Instructions for the task: A faithful copy of the whole listing is the goal. Match it exactly.

Stored data:
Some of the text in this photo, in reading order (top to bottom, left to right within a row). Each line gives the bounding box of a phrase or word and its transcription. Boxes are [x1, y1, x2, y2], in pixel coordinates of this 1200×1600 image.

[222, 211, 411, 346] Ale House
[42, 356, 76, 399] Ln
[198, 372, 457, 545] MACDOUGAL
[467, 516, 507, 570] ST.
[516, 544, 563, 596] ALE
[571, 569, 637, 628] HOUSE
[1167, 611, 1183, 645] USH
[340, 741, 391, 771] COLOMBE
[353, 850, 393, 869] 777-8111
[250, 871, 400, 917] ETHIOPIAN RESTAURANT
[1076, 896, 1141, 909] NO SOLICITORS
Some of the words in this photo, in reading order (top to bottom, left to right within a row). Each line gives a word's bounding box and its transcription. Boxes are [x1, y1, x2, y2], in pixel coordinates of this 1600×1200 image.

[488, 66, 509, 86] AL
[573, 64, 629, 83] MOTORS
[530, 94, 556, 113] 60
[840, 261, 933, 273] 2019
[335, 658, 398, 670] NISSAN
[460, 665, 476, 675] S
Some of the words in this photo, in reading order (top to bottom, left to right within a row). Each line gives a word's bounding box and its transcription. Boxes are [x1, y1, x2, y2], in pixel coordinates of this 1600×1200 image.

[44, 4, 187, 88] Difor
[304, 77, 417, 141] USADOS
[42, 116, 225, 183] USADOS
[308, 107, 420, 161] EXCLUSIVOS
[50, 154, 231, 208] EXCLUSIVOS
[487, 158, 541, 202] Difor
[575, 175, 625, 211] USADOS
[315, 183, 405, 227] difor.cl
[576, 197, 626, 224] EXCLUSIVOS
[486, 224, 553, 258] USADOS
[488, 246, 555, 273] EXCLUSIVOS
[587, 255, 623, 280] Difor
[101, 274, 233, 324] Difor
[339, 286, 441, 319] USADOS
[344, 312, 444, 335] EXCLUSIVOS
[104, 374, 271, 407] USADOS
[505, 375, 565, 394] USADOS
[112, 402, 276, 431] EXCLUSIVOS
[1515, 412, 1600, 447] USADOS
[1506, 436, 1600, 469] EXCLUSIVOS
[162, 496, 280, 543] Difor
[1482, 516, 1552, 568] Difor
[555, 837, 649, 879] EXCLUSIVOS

Written answer:
Some of the text in this photo, in reading order (top to bottom, left to right within a row). Each line gives the bounding box of a phrase or word and its transcription. Boxes are [x1, y1, x2, y2], in pixel coordinates of this 1200×1600 image.

[222, 211, 411, 346] Ale House
[42, 356, 76, 399] Ln
[198, 372, 457, 545] MACDOUGAL
[467, 516, 507, 570] ST.
[516, 544, 563, 596] ALE
[571, 569, 637, 628] HOUSE
[1167, 611, 1183, 645] USH
[340, 741, 391, 771] COLOMBE
[353, 850, 393, 869] 777-8111
[250, 871, 400, 917] ETHIOPIAN RESTAURANT
[1076, 896, 1141, 909] NO SOLICITORS
Some of the words in this photo, in reading order (top to bottom, left to right within a row). Each line gives a word's bounding box and its transcription. Boxes are [x1, y1, x2, y2], in pixel coordinates of this 1600×1200 image.

[488, 66, 509, 86] AL
[573, 64, 629, 83] MOTORS
[530, 94, 556, 113] 60
[840, 261, 933, 273] 2019
[335, 658, 398, 670] NISSAN
[460, 665, 476, 675] S
Some of the words in this photo, in reading order (top to bottom, left to right within a row). Each line gives a word's bounding box and its transcription. Boxes are [x1, y1, x2, y2], in pixel coordinates of this 1600×1200 image.

[44, 4, 187, 88] Difor
[304, 77, 417, 141] USADOS
[42, 116, 225, 183] USADOS
[308, 107, 420, 161] EXCLUSIVOS
[50, 154, 231, 208] EXCLUSIVOS
[487, 158, 541, 202] Difor
[575, 175, 625, 211] USADOS
[315, 183, 405, 227] difor.cl
[576, 197, 626, 224] EXCLUSIVOS
[486, 224, 553, 258] USADOS
[488, 246, 555, 273] EXCLUSIVOS
[587, 255, 623, 280] Difor
[101, 274, 233, 324] Difor
[339, 286, 441, 319] USADOS
[344, 312, 444, 335] EXCLUSIVOS
[104, 374, 271, 407] USADOS
[505, 375, 565, 394] USADOS
[112, 402, 276, 431] EXCLUSIVOS
[1515, 412, 1600, 447] USADOS
[1506, 436, 1600, 469] EXCLUSIVOS
[162, 496, 280, 543] Difor
[1482, 516, 1552, 568] Difor
[555, 837, 649, 879] EXCLUSIVOS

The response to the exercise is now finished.